Mansfield Post, No. 54, G. A. R., was organized, July 20, 1880, and has the following officers: H. Mitchell, C.; George W. Pierson, S. V. C.; George W. Peterson, V. C.; C. Redfern, O. D.; J. O. Moore, Q.; W. H. Bottsford, Surgeon; H. O. McCart, Chaplain; Emmer Palmer, Adjutant; E. B. Slawson, O. G.; G. M. Beach, S. M.; Thomas Beeten, Q. S. The lodge now numbers twenty-six members in good standing.

A lodge of Good Templars was organized in Palmyra in April, 1871, with the following officers: Robert M. Taggart, W. C. T.; I. N. Foster, P. W. C. T. and G. L. D.; Mrs. M. Seeley, W. V.; William Steele, Treasurer; the present officers of the lodge are: S. Baldwin, W. C. T.; Mrs. M. Seeley, W. V. T.; I. N. Foster, P. W. C. T. and L. D.; Thomas Bell, Treasurer.


The Baptist Church of Palmyra was organized in 1871 by Rev. J. Davies. Up to 1879 there was no church building in which to hold services, but in that year the society built a house of worship, dedicating it in June. At that time the church numbered forty communicants. Immediately after the completion of the church a Sabbath school was established, and W. D. Page chosen superintendent. The present membership of the church is fifty, and that of the school about seventy-five.

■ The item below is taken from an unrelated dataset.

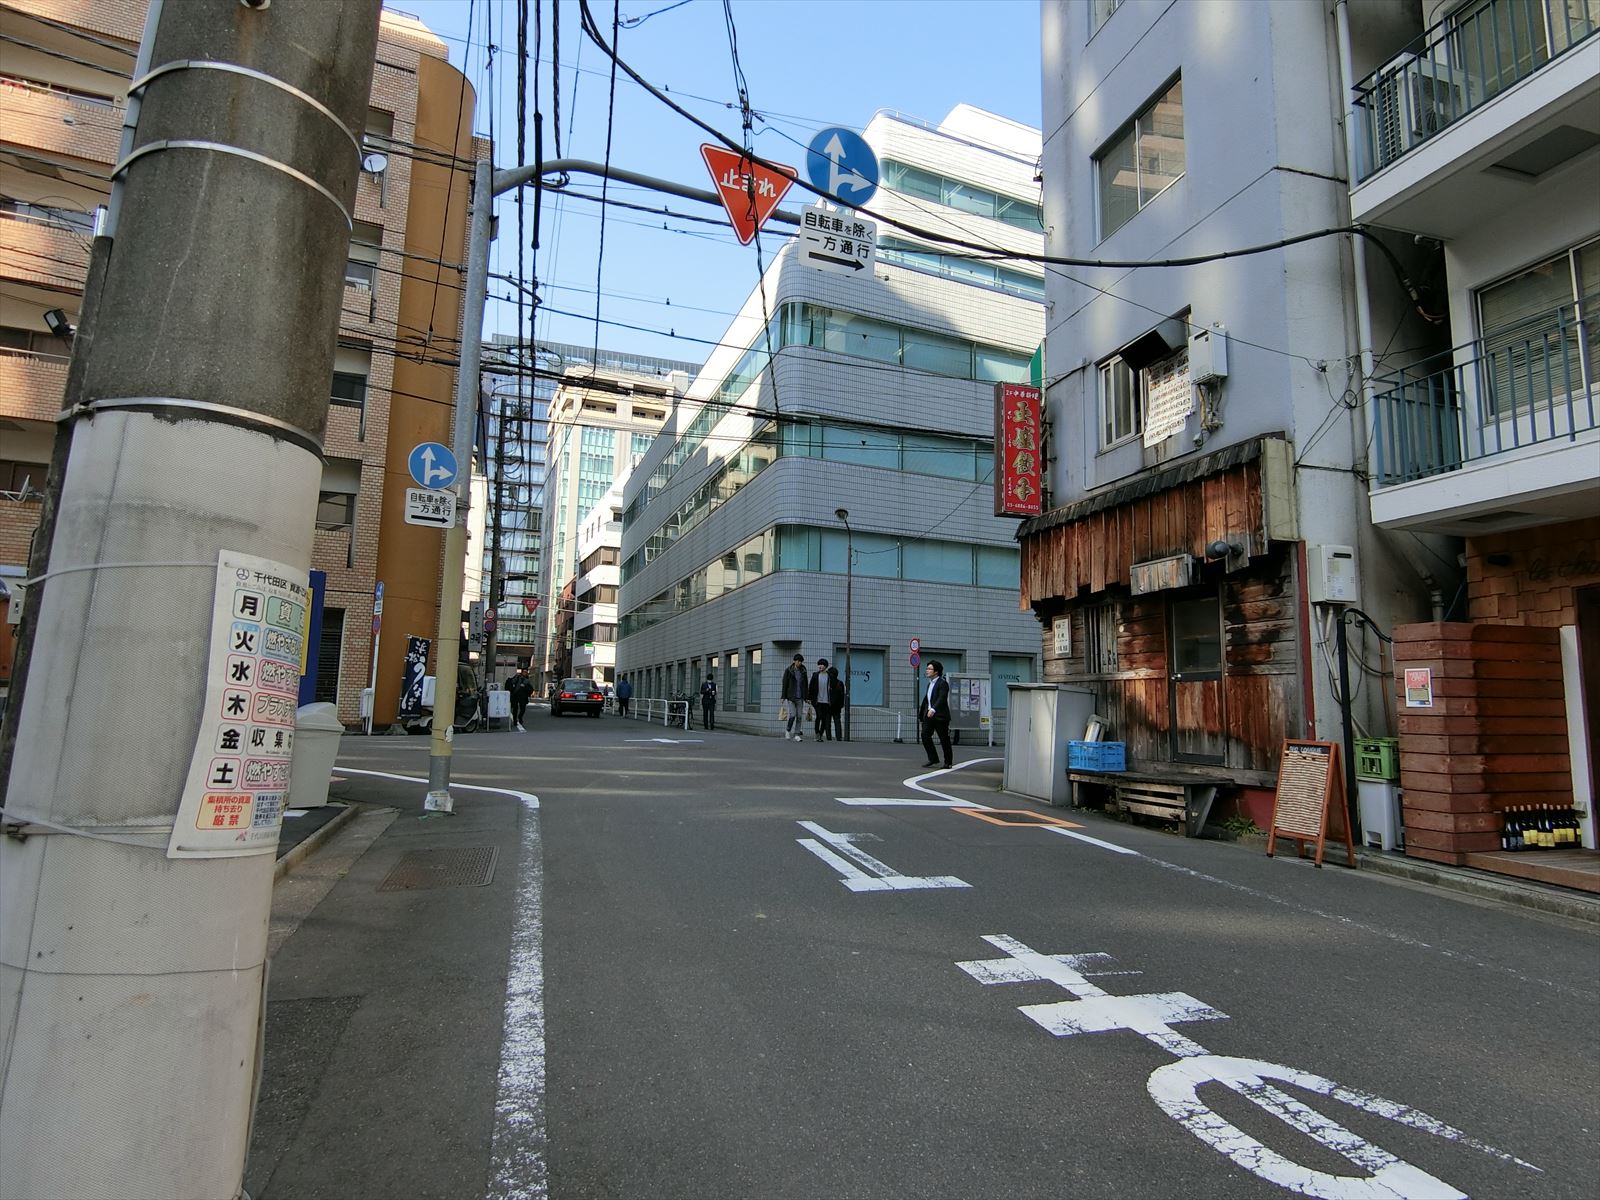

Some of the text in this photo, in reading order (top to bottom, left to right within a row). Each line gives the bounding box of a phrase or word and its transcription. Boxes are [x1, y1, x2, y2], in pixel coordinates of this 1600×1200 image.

The Methodist Church was first known as the Saltillo Mission, and was established under that name on March 30, 1865, at the Nebraska City Conference. The church now in use was moved to Palmyra from Bennet in 1874, and put in thorough repair. It is now valued at $500. It has a seating capacity of 150. A parsonage was purchased some time later at a cost of $550. The pastors of the church have been H. H. Skaggs, who remained one year; D. Marquett, T. A. Hull, Charles L. Brockway, A. Brigham, and J. H. Worley, who accepted the charge in October, 880, and still supplies the pulpit. The church now has a membership of forty. In 1876 the Sabbath school was organized as separate from the Union school, which had, during the early days of the town, embraced all sects. The school now enrolls sixty members, and is under the charge of Mr. John Johns.

The Presbyterian Church of Palmyra was first organized as a Congregational one, by Rev. O. P. Merrill, Rev. Thomas Bell was the first pastor of the society, and was followed by Rev. J. H. Rockwell, who has had the following successors: F. Hickok, A. B. Irwin and Rev. O. Compton, the present pastor. The church building was erected in 1872, at a cost of $1,200 and transferred to the Presbyterians in 1876. The society is large and prosperous.

The Catholic Church of Palmyra, is a mission of the Nebraska City German Church, and was established by Father Emanuel Hartig, O. S. B. The church is now under the charge of Father Cusson, of St. Mary's Church, Nebraska City, and is regularly attended by him. The membership is about 300, and the society is out of debt, and prosperous. It is probable that a pastor will soon be assigned to this charge, as its care requires more and more attention, from year to year, and at the same time the duties of St. Mary's become more onerous, and permit the pastor less absence from Nebraska City.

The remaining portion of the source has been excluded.